The state of impact investing. JP Morgan and GIIN just released their 5th annual report on impact investing. Global impact investments under management climbed to $60 billion for the 146 investors surveyed, up from $46 billion for 125 investors surveyed last year. We are starting to see some exits from private equity investors—77 in total, 61 since 2012 (17 in microfinance, 9 each in financial services, healthcare, and food and agriculture). Not surprisingly, investors continue to complain about deal flow, and not surprisingly, they continue to fund later-stage companies – 91% of all the dollars invested to post-venture companies and only 9% was invested in early stage companies. Investors, if you are looking for early stage companies, we should talk. Read more on the report at Impact Alpha.
How should a startup measure success? Running an early-stage company is really hard. Entrepreneurs want something they can hang on to. They want a scorecard. A number. Validation that they are getting there. Fred Wilson’s advice is perfect: Measure yourself on whether your employees are happy. Measure yourself on whether your customers are happy. Measure yourself on how much free cash flow your business is generating. Measure yourself on how your brand is known and appreciated around the world. Measure yourself on how your spouse and children feel about you when you come home from work each day. You control all of those things, at least to some degree. Read more at Fred’s blog AVC.
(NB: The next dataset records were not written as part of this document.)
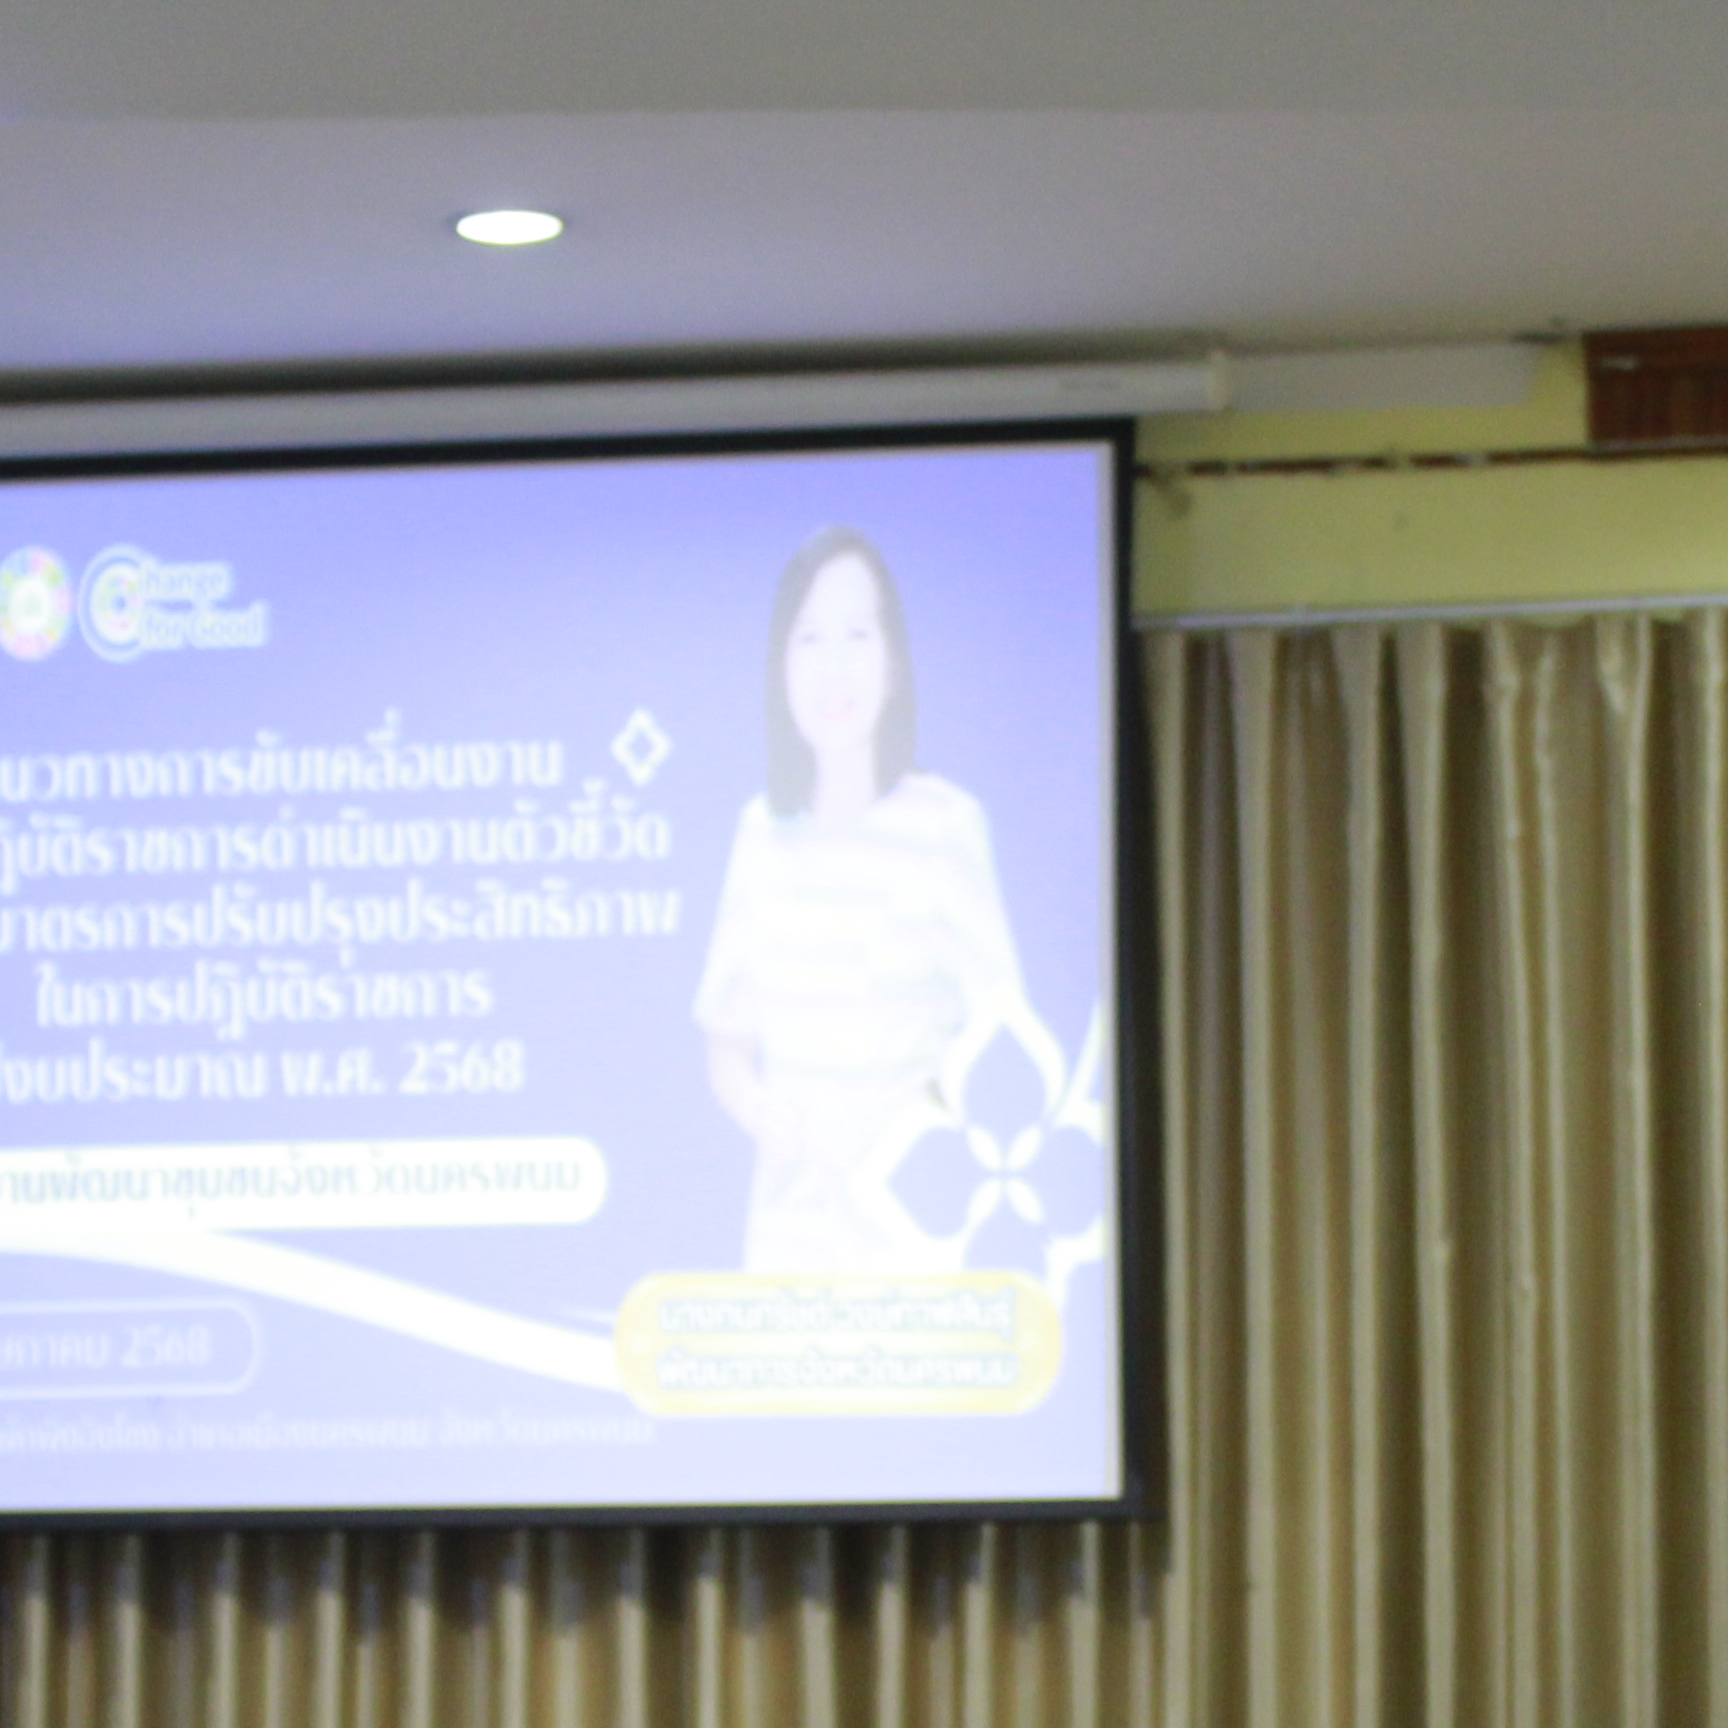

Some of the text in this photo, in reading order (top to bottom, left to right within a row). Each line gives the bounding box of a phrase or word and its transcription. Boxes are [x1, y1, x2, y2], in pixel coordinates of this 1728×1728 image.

[34, 956, 493, 1041] ในการปฏิบัติราชการ
[280, 1047, 384, 1096] พ.ศ.
[398, 1039, 527, 1095] 2568
[120, 1325, 212, 1369] 2568
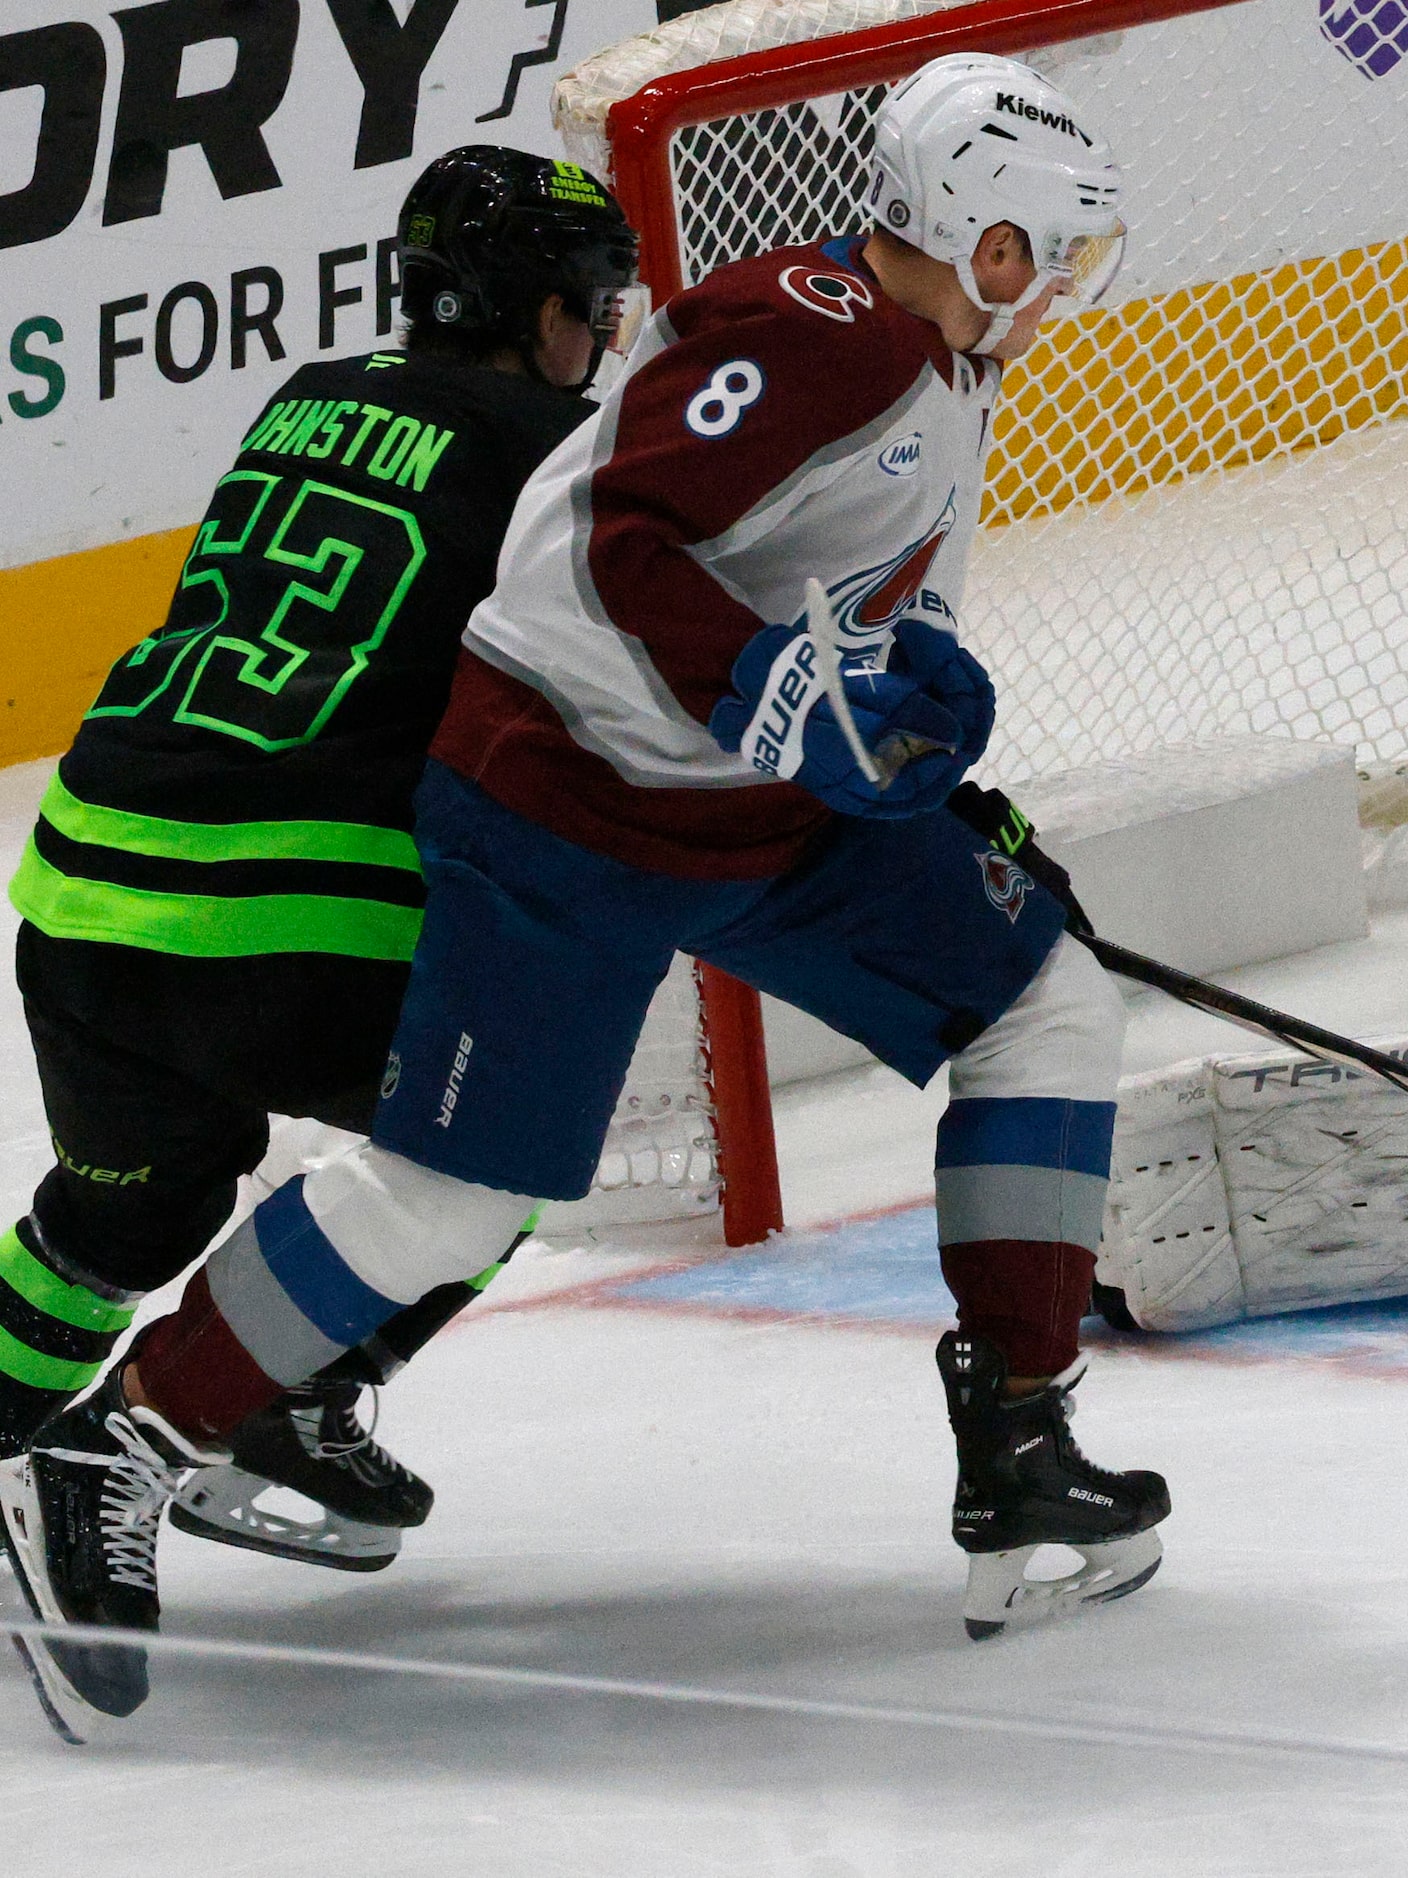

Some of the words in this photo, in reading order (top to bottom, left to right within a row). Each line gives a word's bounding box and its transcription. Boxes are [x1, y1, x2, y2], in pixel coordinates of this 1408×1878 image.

[996, 92, 1077, 137] Kiewit
[549, 187, 607, 208] TRANSFER
[551, 176, 597, 193] ENERGY
[99, 266, 286, 400] FOR
[685, 358, 766, 441] 8
[83, 469, 427, 753] 53
[753, 640, 817, 776] BAUER
[433, 1031, 473, 1128] BAUER
[1015, 1435, 1044, 1456] MACH
[1068, 1487, 1114, 1508] BAUER
Two keys to sustainable social enterprise. Based on 15 years of study at the Skoll Foundation, Roger L. Martin and Sally R. Osberg have found that successful social entrepreneurs all focus on changing two features of an existing system—the economic actors involved and the enabling technology applied. These economic actors fall into two categories: customers, whose role is to shift the power balance by consuming more consciously; and government, whose can play a far more productive role in changing the equilibrium. A second way, therefore, to effect change is to dramatically improve a system’s technology while leaving the current actors in place. Such improvement is achieved in one of three ways: substitution, creation, or repurposing. Learn more in this Harvard Business Review article. Thanks to Suzanne McKechnie Klahr for recommending this.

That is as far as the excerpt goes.